Как и в Аугсбурге, лютеране и кальвинисты согласились делить Европу с католиками. Вся конфискованная собственность – или ее большая часть – подлежала возврату. Был подтвержден католический статус Австрии и обнищавшей Чехии. Испания официально даровала независимость утраченным ею провинциям Северных Нидерландов, а евреям было гарантировано там безопасное убежище.
Вестфальский мир восстановил независимость германских княжеств и в очередной раз не признал власть над ними Священной Римской империи. Хотя Вестфальские соглашения часто превозносят за создание концепции национального государства, они наиболее примечательны своим интернационализмом, поскольку подтвердили независимость государств и неприкосновенность международных соглашений. Успех этот вряд ли можно назвать прочным, но, как бы то ни было, участники отметили достижение согласия, позируя для группового портрета Герарду Терборху, изобразившему дипломатов, столпившихся в главном зале Мюнстерской ратуши. Сейчас картина хранится в Лондонской национальной галерее. Англия была одной из тех стран, что не принимали в событиях никакого участия.
Мирный договор зафиксировал реальное положение вещей в Европе, которая довела себя войнами до полного истощения. Франция поживилась приличным куском германских территорий в Эльзасе и в бассейне Рейна. Это самое непродуманное из всех положений договора разожгло долгоиграющее недовольство среди немецкоязычных жителей региона. Швеция стала господствующей силой на севере Европы, прибрав к рукам часть северных территорий Германии. Германия лежала в руинах, превратившись в пустыню с пятьюдесятью «свободными городами», шестьюдесятью духовными княжествами и двумя с половиной сотнями (некоторые утверждают, что их была тысяча) независимых городов и карликовых государств. На ее восстановление потребуется целое столетие.

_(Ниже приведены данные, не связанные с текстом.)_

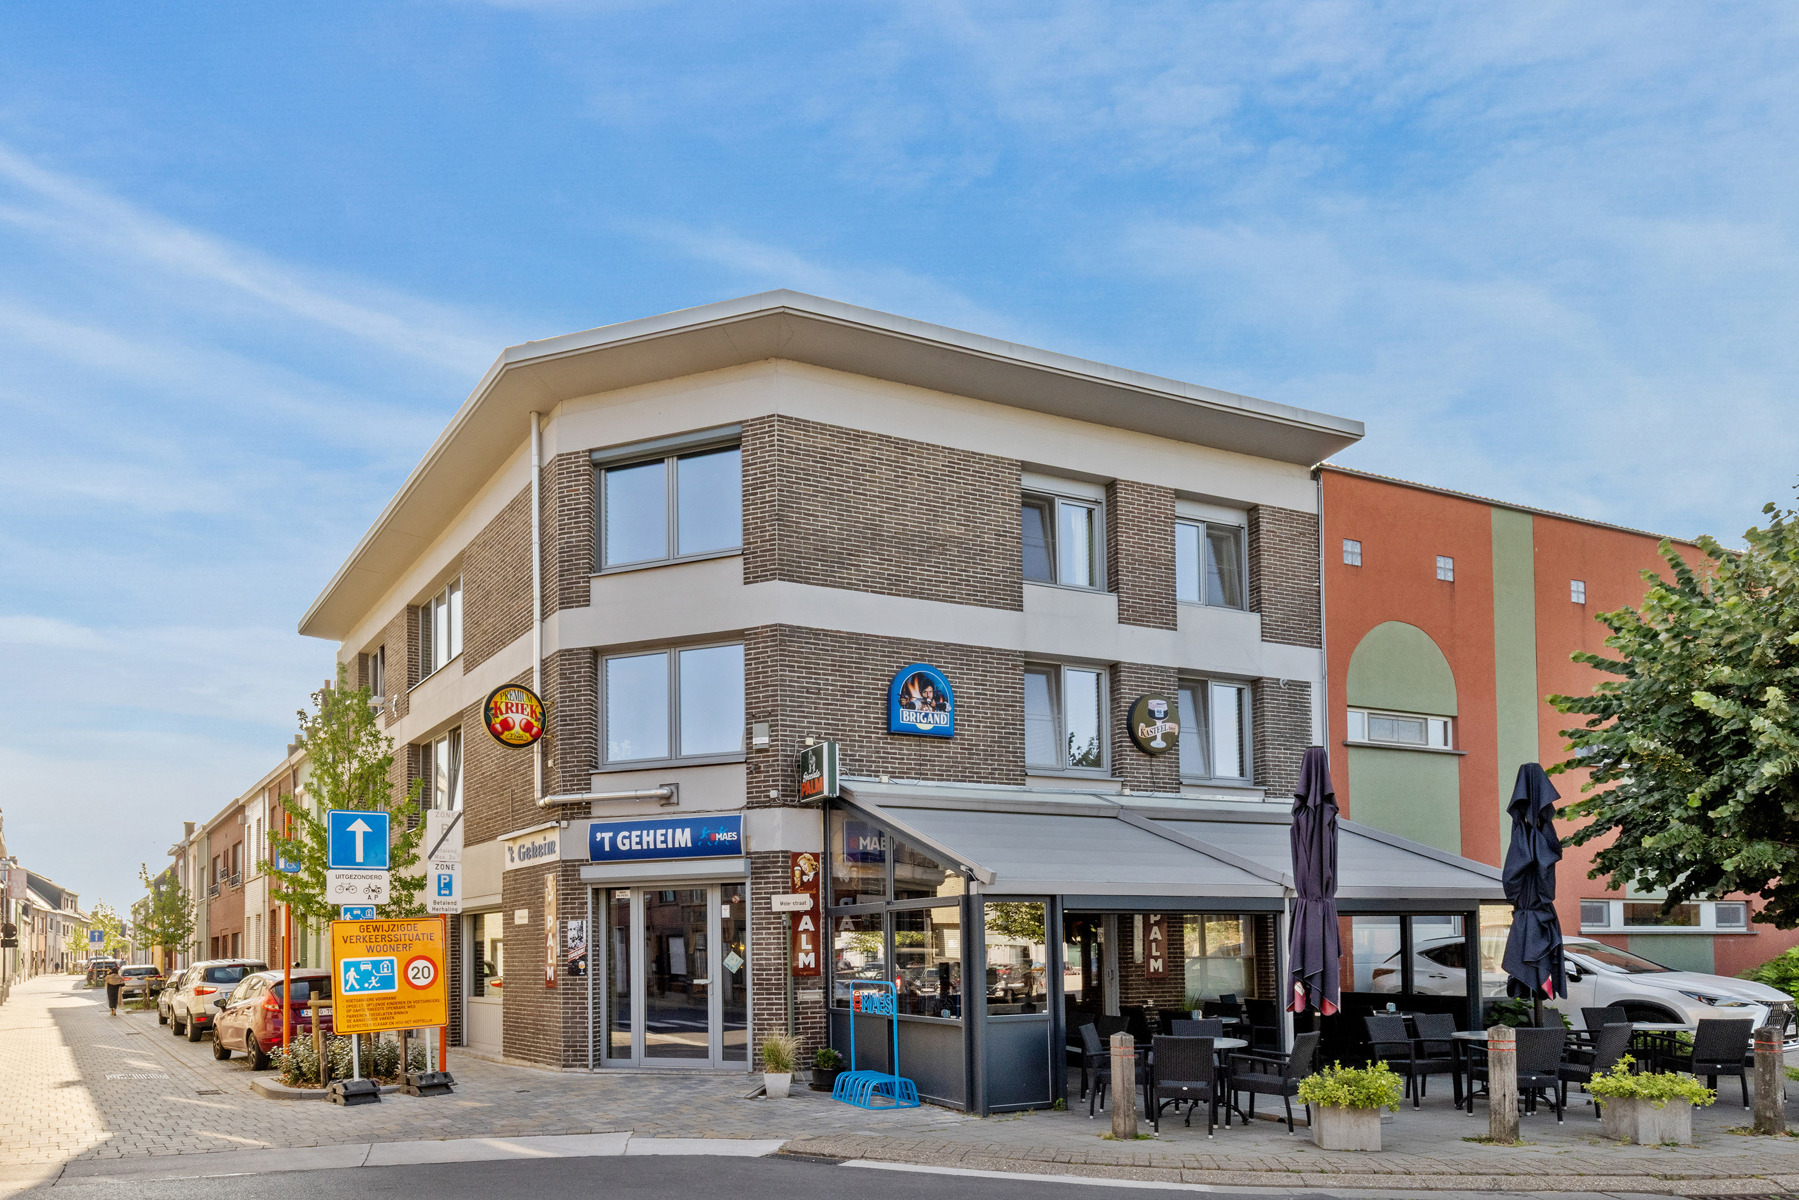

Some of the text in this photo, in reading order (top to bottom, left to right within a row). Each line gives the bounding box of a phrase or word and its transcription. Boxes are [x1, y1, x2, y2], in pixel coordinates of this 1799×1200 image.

[500, 689, 533, 703] PREMIUM
[493, 700, 539, 722] KRIEK
[902, 710, 947, 725] BRIGAND
[1140, 724, 1167, 737] KASTEEL
[801, 776, 824, 797] PALM
[435, 811, 456, 819] ZONE
[616, 828, 692, 851] GEHEIM
[715, 832, 738, 842] MAES
[859, 836, 897, 851] MAE
[517, 836, 556, 862] Geheim
[359, 923, 418, 933] GEWIJZIGDE
[798, 897, 815, 968] ALM
[342, 932, 435, 943] VERKEERSSITUATIE
[1149, 914, 1163, 972] PALM
[365, 943, 413, 953] WOONERF
[546, 915, 555, 981] PALM
[411, 965, 431, 979] 20
[861, 992, 893, 1016] MAES
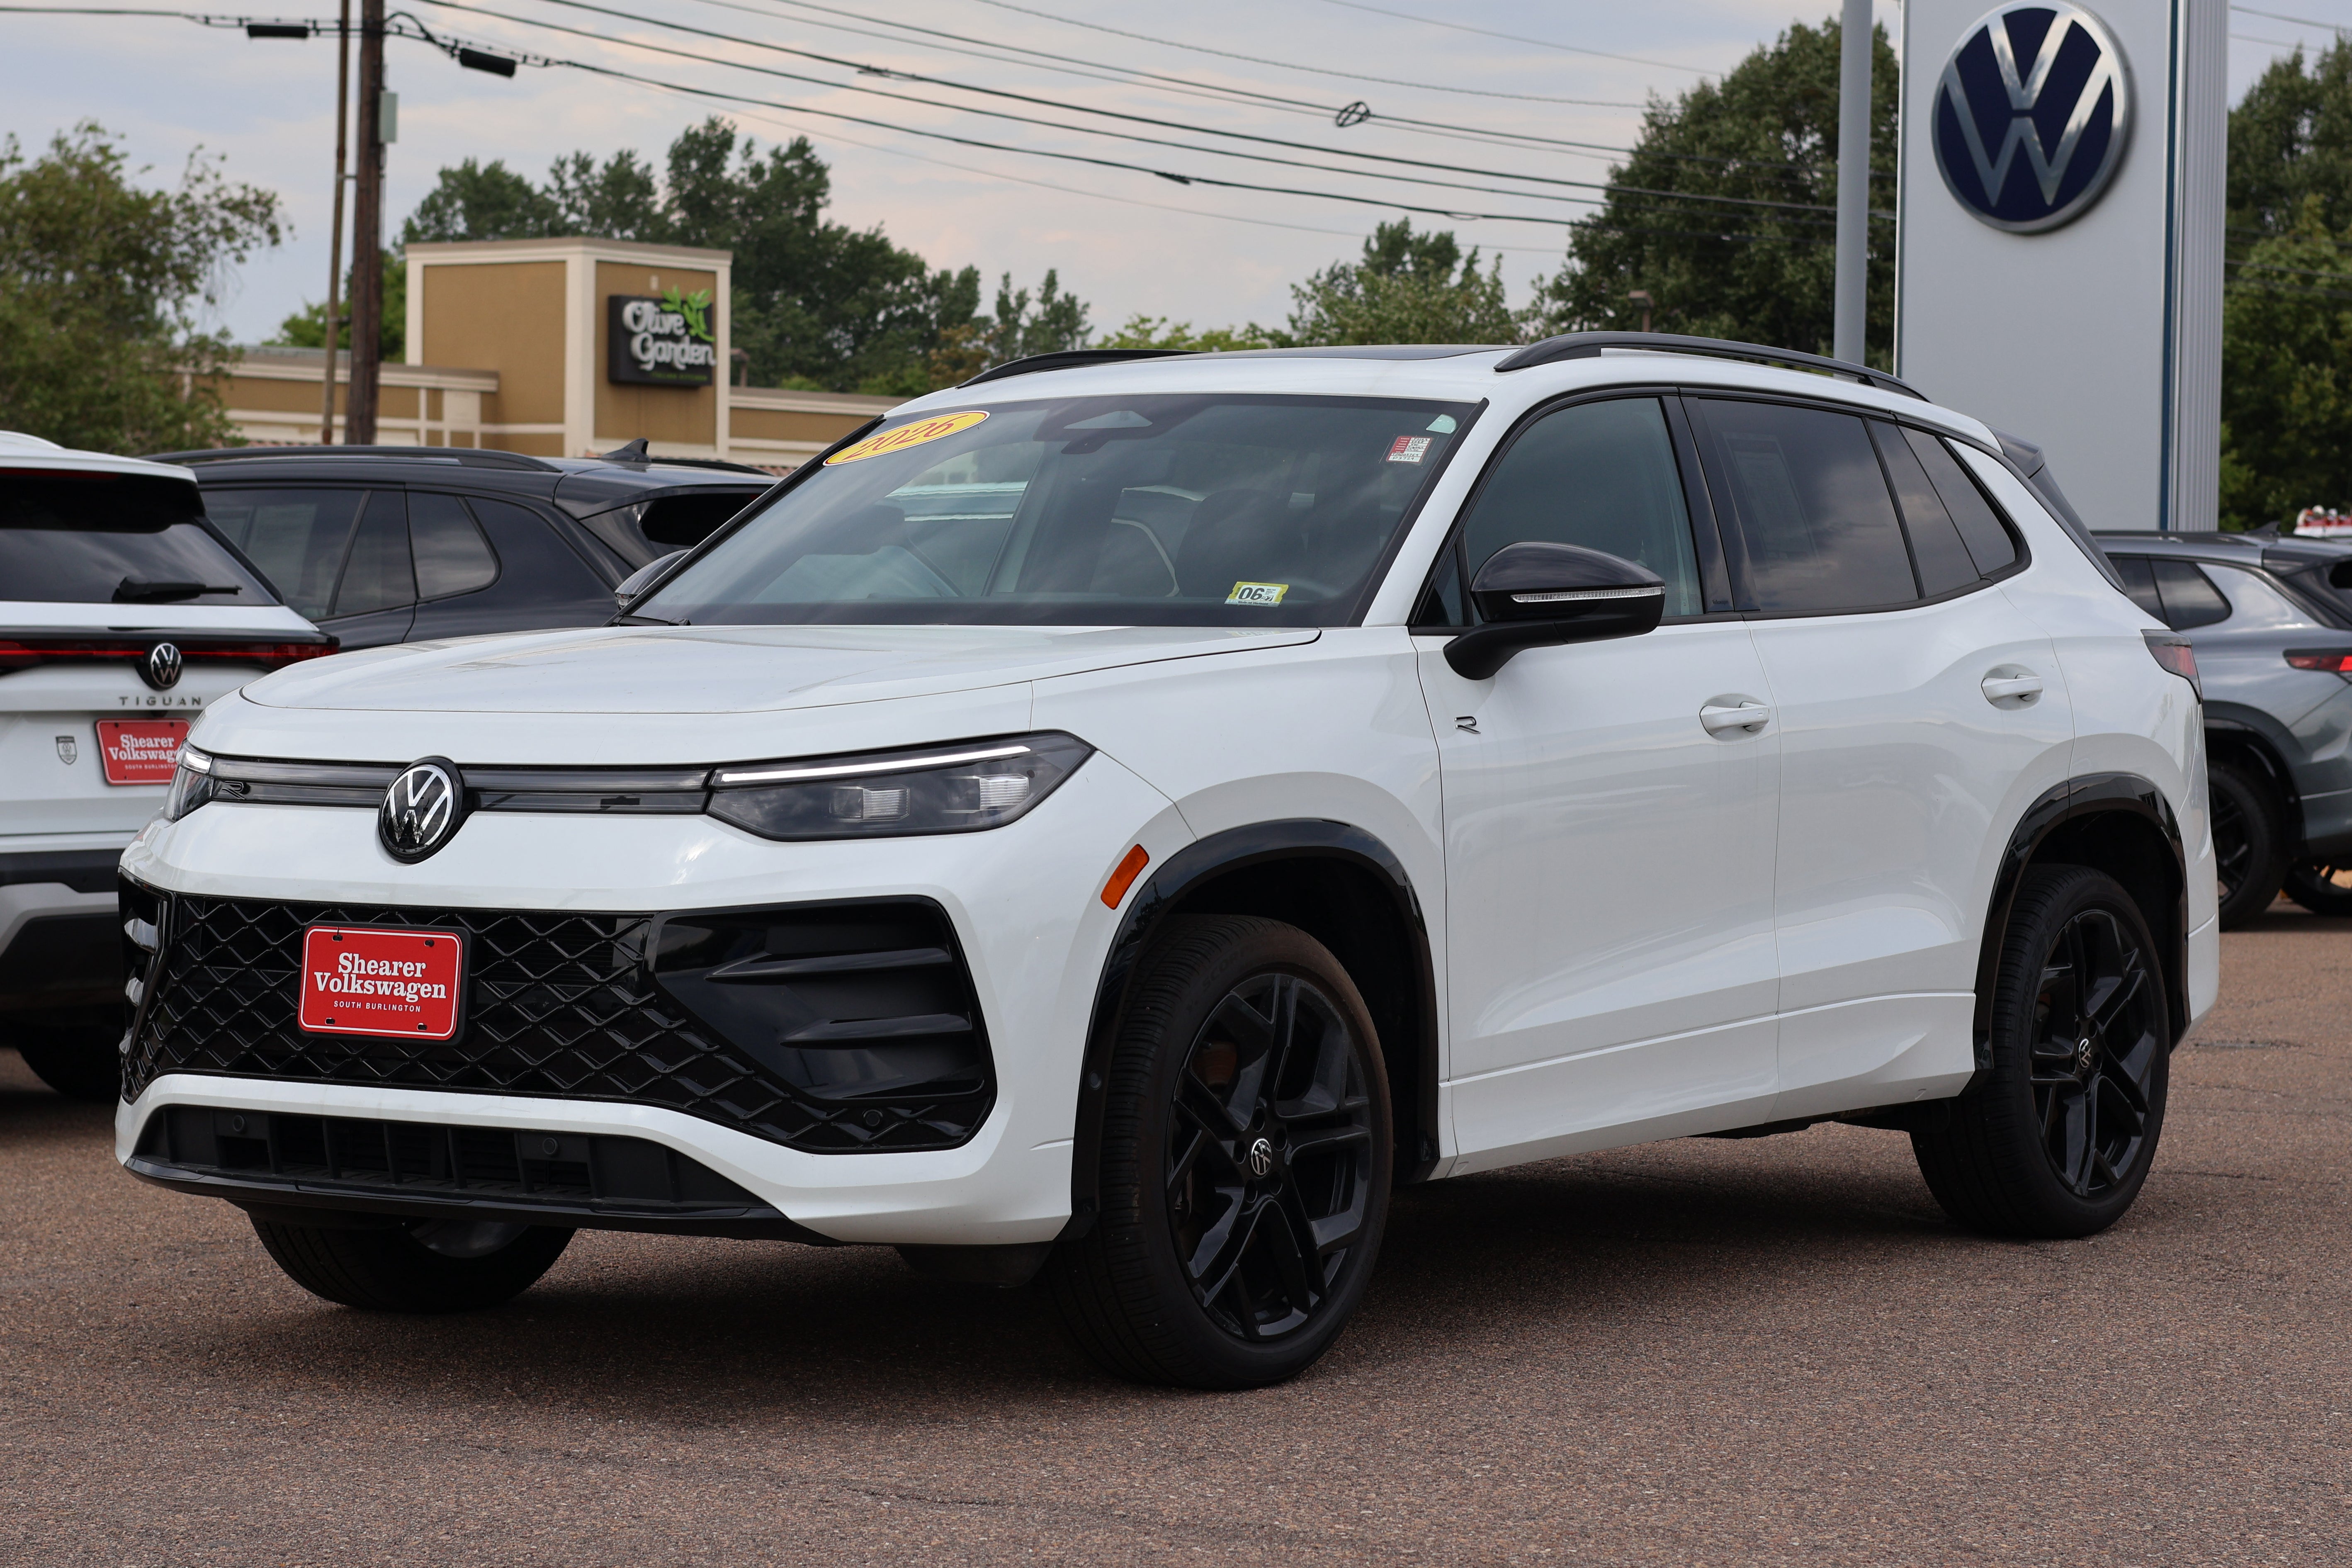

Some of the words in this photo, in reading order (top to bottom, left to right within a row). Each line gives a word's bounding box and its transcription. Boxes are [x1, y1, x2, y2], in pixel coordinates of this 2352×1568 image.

[623, 301, 686, 335] Olive
[631, 332, 717, 371] Garden
[841, 415, 969, 461] 2026
[1238, 587, 1265, 600] 06
[119, 696, 201, 705] TIGUAN
[120, 734, 175, 748] Shearer
[108, 747, 177, 763] Volkswag
[338, 953, 426, 977] Shearer
[314, 972, 446, 1002] Volkswagen
[366, 1002, 420, 1012] BURLINGTON

Протестантская Пруссия воспряла первой – в правление династии Гогенцоллернов, представителем которой был и «великий курфюрст» Фридрих Вильгельм (1640–1688). Его земельные владения не принадлежали Священной Римской империи и номинально находились в вассальной зависимости от Польши. Но во время войны он объединился с Бранденбургом, чей герцог издавна входил в число выборщиков. Берлин, главный город Бранденбурга, во время войны потерял половину населения, и Фридрих Вильгельм открыл ворота города беженцам всех вероисповеданий, влив свежую кровь иммиграции в экономику страны (история повторится в 1945 и в 2015 гг.).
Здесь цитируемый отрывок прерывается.